CVE-2025-0136 is a vulnerability discovered in Palo Alto Networks PAN-OS firewalls that affects the implementation of AES-128-CCM algorithm for IPSec. The vulnerability was discovered internally by Benjamin Bai of Palo Alto Networks and was disclosed on May 14, 2025. The issue affects specific hardware models including PA-7500, PA-5400, PA-5400f, PA-3400, PA-1400, and PA-400 Series firewalls, while Cloud NGFWs, Prisma Access instances, and PAN-OS VM-Series firewalls remain unaffected (Palo Security).

The vulnerability occurs when using the AES-128-CCM algorithm for IPSec on certain Intel-based hardware devices, resulting in unencrypted data transfer to devices connected through IPSec. The severity is rated as LOW with a CVSS-BT score of 1.3 and CVSS-B score of 5.3 (CVSS:4.0/AV:N/AC:L/AT:N/PR:L/UI:N/VC:L/VI:L/VA:N/SC:N/SI:N/SA:N/E:U/AU:N/R:U/V:C/RE:M/U:Amber). The vulnerability is classified under CWE-319 (Cleartext Transmission of Sensitive Information) and CAPEC-117 (Interception) (Palo Security).

When exploited, this vulnerability leads to the transmission of unencrypted data between the PAN-OS firewall and connected devices through IPSec when using the AES-128-CCM algorithm.
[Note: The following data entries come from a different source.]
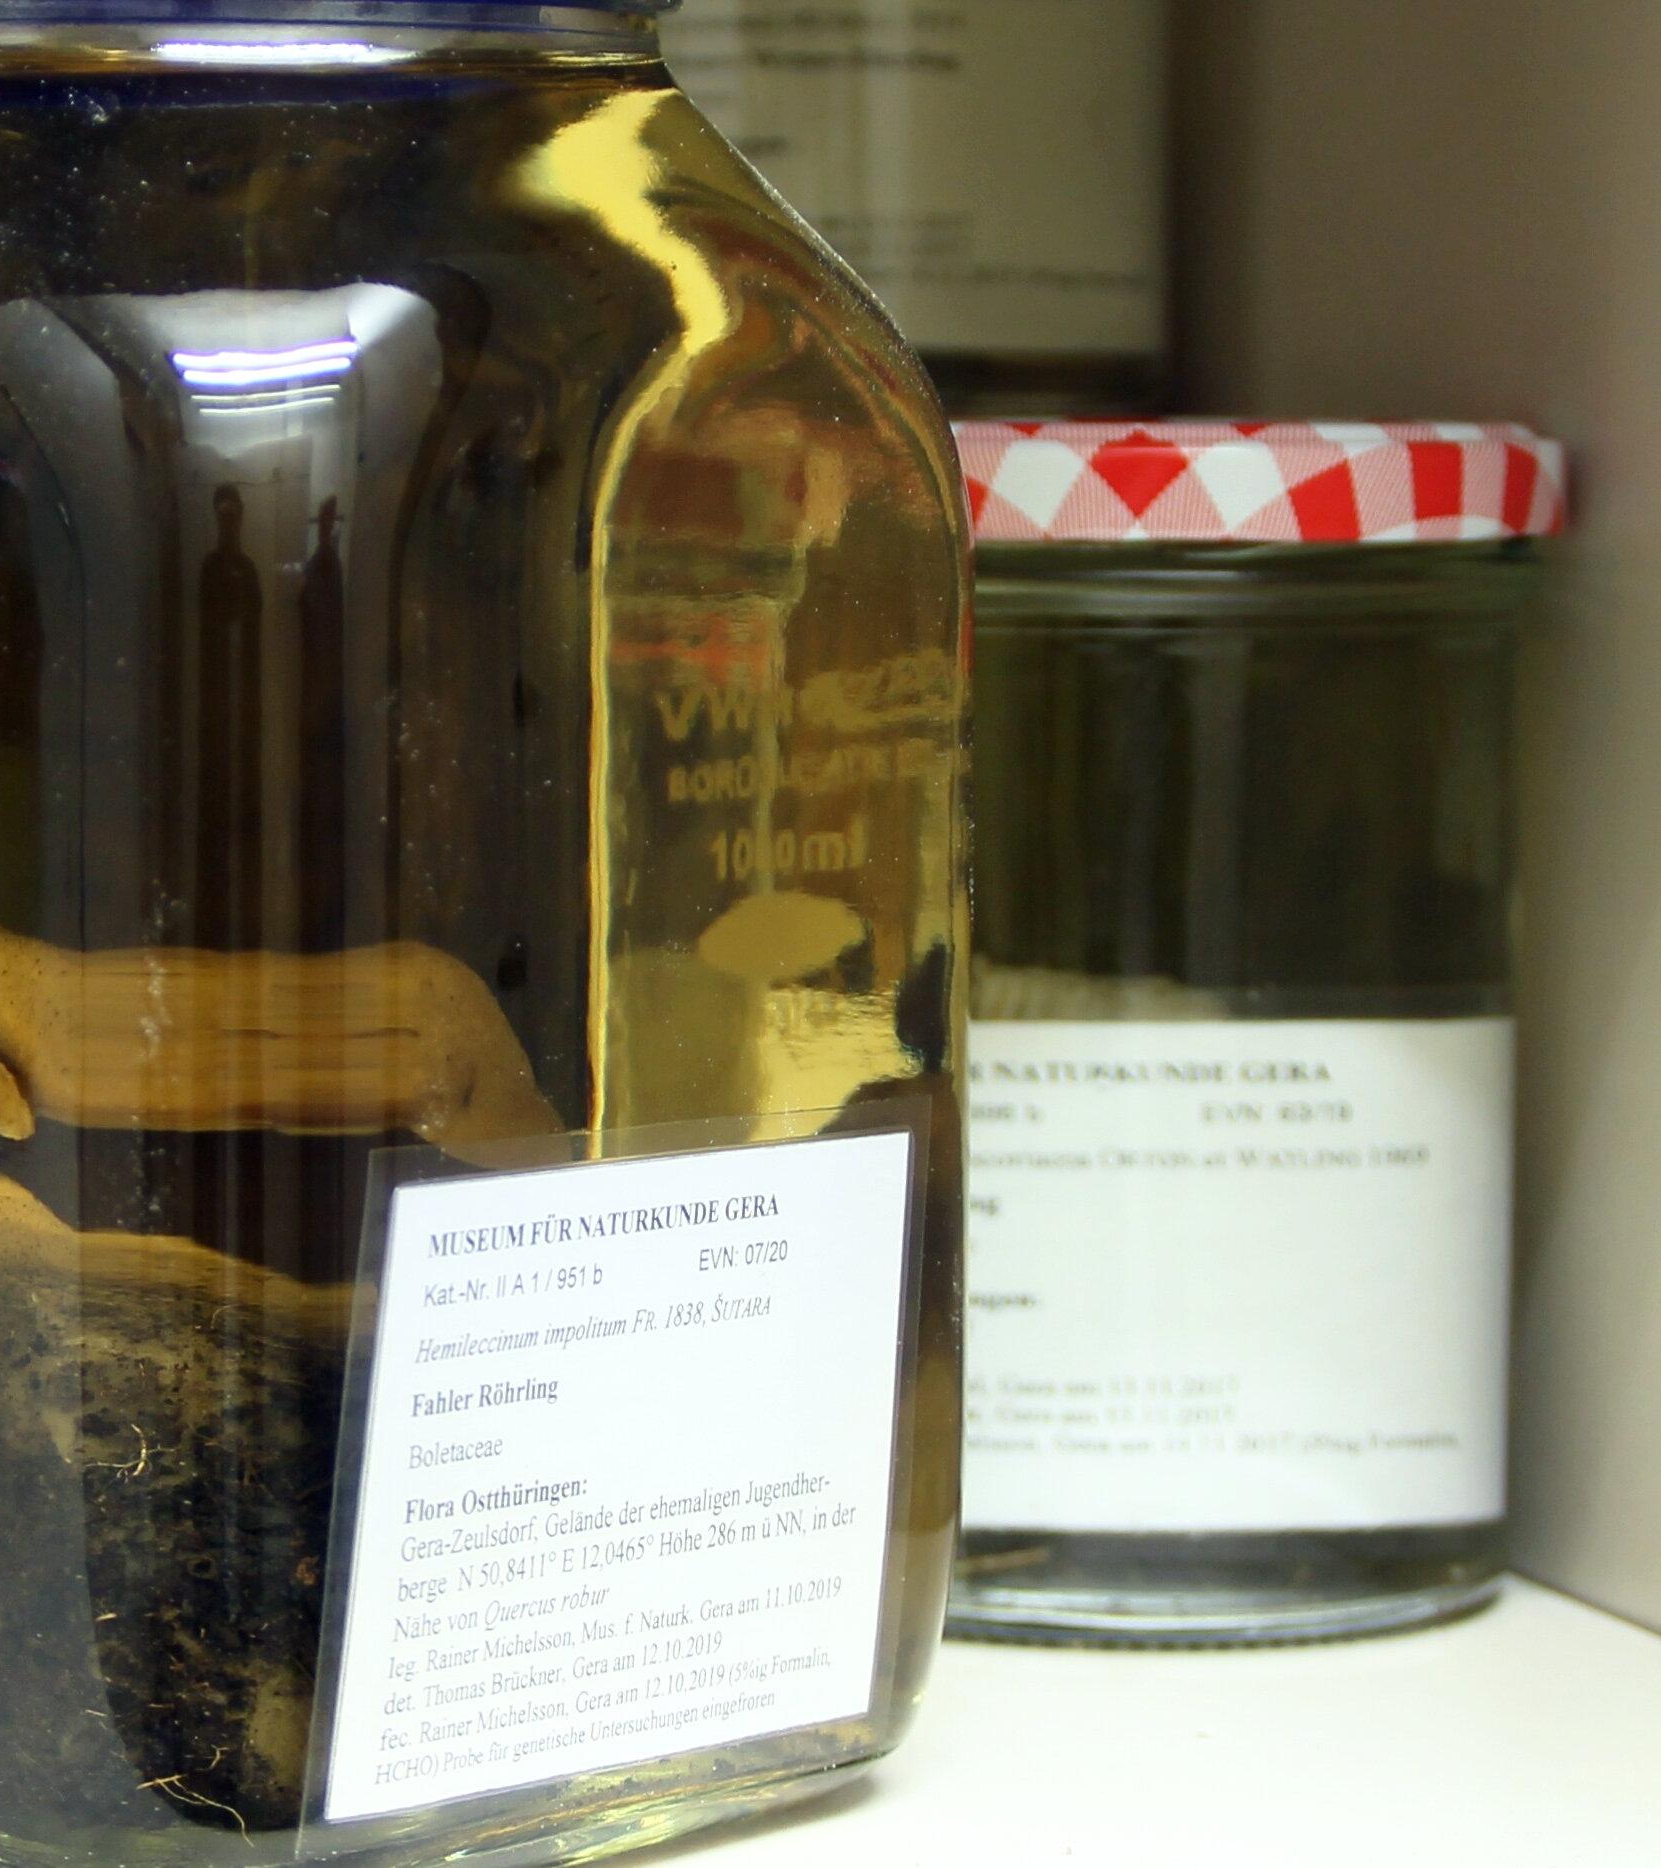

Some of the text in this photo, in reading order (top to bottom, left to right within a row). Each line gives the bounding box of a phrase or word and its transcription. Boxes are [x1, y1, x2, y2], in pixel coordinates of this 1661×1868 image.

[428, 1194, 779, 1258] MUSEUM FÜR NATURKUNDE GERA
[423, 1277, 490, 1308] Kat.-Nr.
[511, 1273, 525, 1296] A
[532, 1271, 539, 1293] 1
[544, 1269, 553, 1291] /
[557, 1265, 587, 1290] 951
[592, 1262, 603, 1285] b
[699, 1245, 739, 1271] EVN:
[745, 1239, 788, 1265] 07/20
[415, 1291, 772, 1364] Hemileccinum impolitum FR. 1838, ŠUTARA
[412, 1377, 559, 1417] Fahler Röhrling
[408, 1438, 504, 1470] Boletaceae
[400, 1471, 831, 1563] Gera-Zeulsdorf, Gelände der ehemaligen Jugendher-
[404, 1479, 588, 1524] Flora Ostthüringen:
[397, 1576, 448, 1603] berge
[458, 1565, 474, 1591] N
[478, 1550, 557, 1588] 50,8411°
[562, 1548, 575, 1573] E
[582, 1534, 654, 1572] 12,0465°
[659, 1528, 703, 1557] Höhe
[707, 1519, 736, 1548] 286
[740, 1524, 756, 1543] m
[761, 1516, 771, 1539] ü
[812, 1506, 827, 1530] in
[832, 1502, 857, 1528] der
[387, 1575, 842, 1682] leg. Rainer Michelsson, Mus. f. Naturk. Gera am 11.10.2019
[392, 1584, 610, 1643] Nähe von Quercus robur
[379, 1728, 412, 1752] fec.
[419, 1716, 473, 1744] Rainer
[476, 1700, 569, 1734] Michelsson,
[575, 1690, 611, 1714] Gera
[616, 1686, 638, 1705] am
[728, 1657, 767, 1688] (5%ig
[771, 1645, 831, 1676] Formalin,
[383, 1630, 723, 1716] det. Thomas Brückner, Gera am 12.10.2019
[374, 1692, 775, 1786] HCHO) Probe für genetische Untersuchungen eingefroren
This could potentially expose sensitive information during transmission, compromising data confidentiality (Wiz Database).
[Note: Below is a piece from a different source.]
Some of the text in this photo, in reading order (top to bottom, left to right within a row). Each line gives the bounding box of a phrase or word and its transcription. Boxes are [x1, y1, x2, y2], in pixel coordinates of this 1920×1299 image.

Palo Alto Networks has released patches for affected versions: upgrade to PAN-OS 11.1.5 or later for 11.1 versions, 11.0.7 or later for 11.0 versions, 10.2.11 or later for 10.2 versions, and 10.1.14-h14 or later for 10.1 versions. As a workaround, users can configure IPSec Crypto encryption to use more secure algorithms such as AES-256-GCM or AES-256-CBC on affected hardware PAN-OS firewalls (Palo Security).